Writing in the New York Times this fall, critic Vanessa Friedman observed that “the gravitational forces of New York fashion are moving; its map is being rewritten and identity reinvented by a group of designers with a different sense of history and voices that demand to be heard.”
And what of interior design? Is it — like fashion — being reinvented by a new wave of designers? The place to find out may be Carl Dellatore’s new book, On Style (Rizzoli), a report on 50 designers who, he writes, not only have great taste but are “moving the discipline forward.” As he notes in the introduction, “Interior design has always been defined by its moment in time, generational movements that are, in turn, shaped by culture, economics, and fashion.”
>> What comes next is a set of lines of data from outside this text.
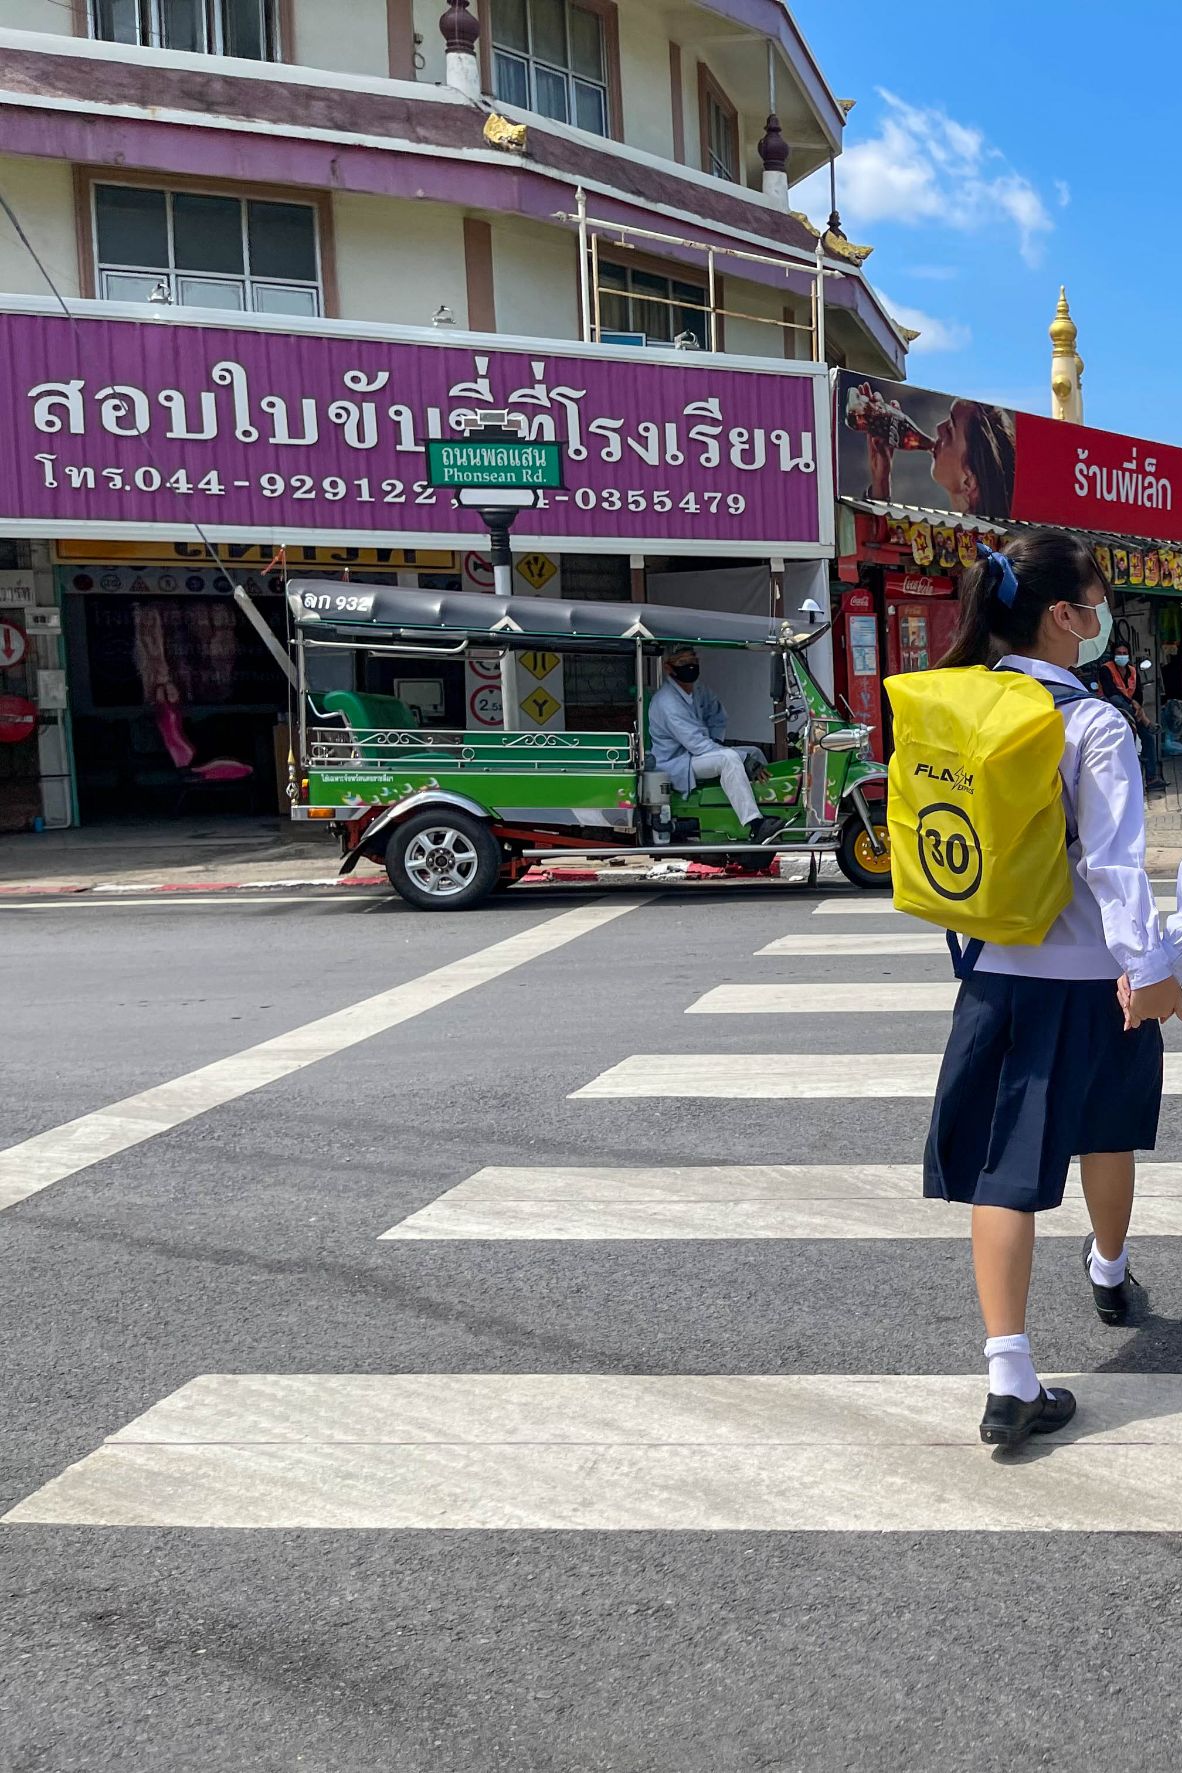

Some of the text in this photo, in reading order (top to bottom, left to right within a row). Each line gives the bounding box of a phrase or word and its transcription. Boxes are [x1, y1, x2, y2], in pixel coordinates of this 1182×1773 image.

[441, 447, 547, 467] ถนนพลแสน
[444, 468, 547, 483] Phonsean Rd.
[1074, 447, 1172, 510] ร้านพี่เล็ก
[925, 828, 970, 875] 30
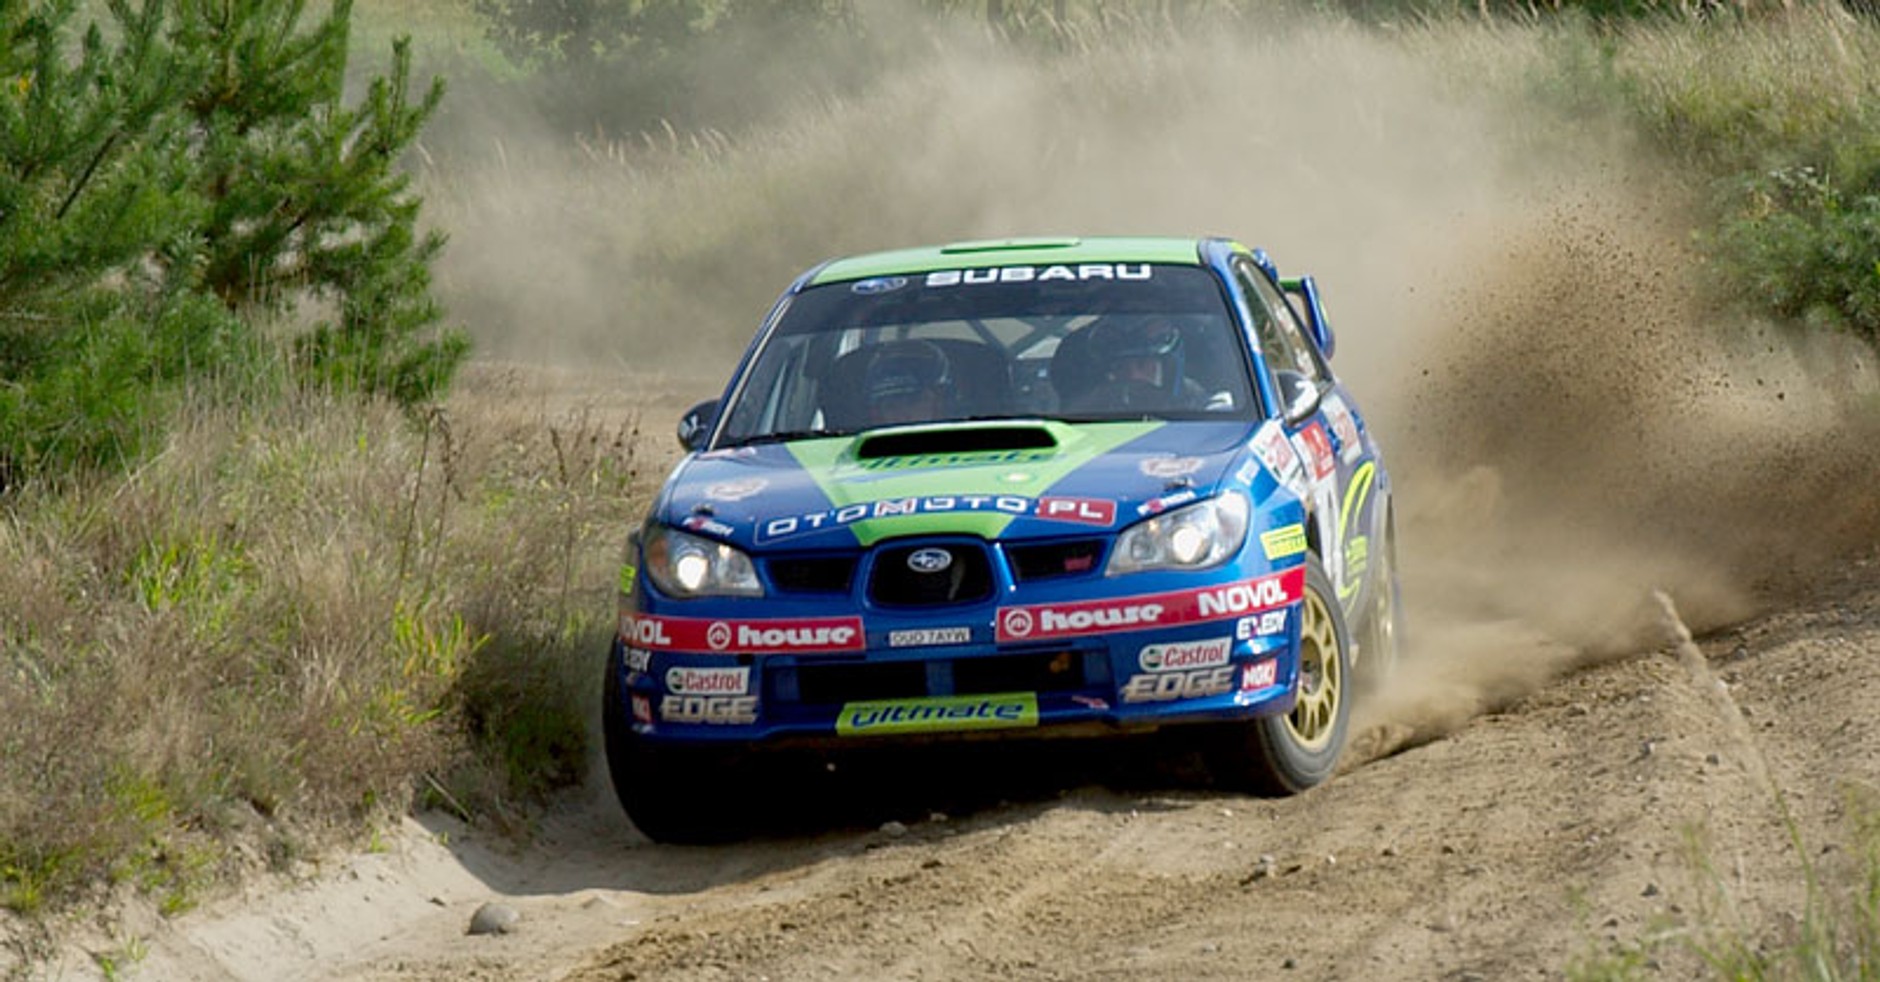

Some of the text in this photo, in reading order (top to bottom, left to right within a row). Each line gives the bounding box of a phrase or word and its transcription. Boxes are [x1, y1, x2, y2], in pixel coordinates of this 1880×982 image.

[926, 263, 1152, 286] SUBARU
[1198, 578, 1288, 616] NOVOL
[1040, 603, 1164, 632] house
[737, 625, 856, 646] house
[1164, 643, 1226, 668] Castrol
[685, 670, 743, 692] Castrol
[1122, 665, 1238, 703] EDGE
[660, 695, 759, 724] EDGE
In putting together the book, Dellatore found that “design has become democratized. It’s no longer only for the über-rich,” he tells Introspective, adding that “there’s a real proliferation of aesthetic diversity afoot.” The Internet has exposed designers and their clients to more visual information than ever before. As a result, he writes in On Style, “the variety of aesthetic lenses through which designers see interiors is expanding exponentially.”
That may actually make their job more difficult: To prove their worth to clients, designers need to tamp down the visual cacophony while also making sure the rooms they create don’t look like anybody else’s. This generation succeeds in doing just that, with the support of clients who don’t feel the need for furniture that matches or collections of artworks belonging to a single period or genre.
“With the inundation of inspiration images from Pinterest and Instagram, I think it’s important to find inspiration in singular things,” New York designer Michelle R. Smith tells Dellatore. Smith belongs to the coterie the author calls the Casual Bohemians, who, he says, “mix humble furnishings in exciting ways.”
Mixing furnishings — humble or not — makes it possible to satisfy more than one person at a time. Case in point: the Manhattan living room that New York–based Neal Beckstedt — whom Dellatore lists among this Devotees of Masculine Chic — designed with two sofas: one in beige linen for the husband and the other in teal velvet for the wife. The sofas don’t match; they’re fine just coexisting. Beckstedt, who grew up on a farm in Ohio, also knows how to bring rural charm to sophisticated surroundings. In the same apartment, he covered walls in reclaimed wood and placed an antique potter’s stand, which looks like farm machinery, alongside a clean-lined sofa.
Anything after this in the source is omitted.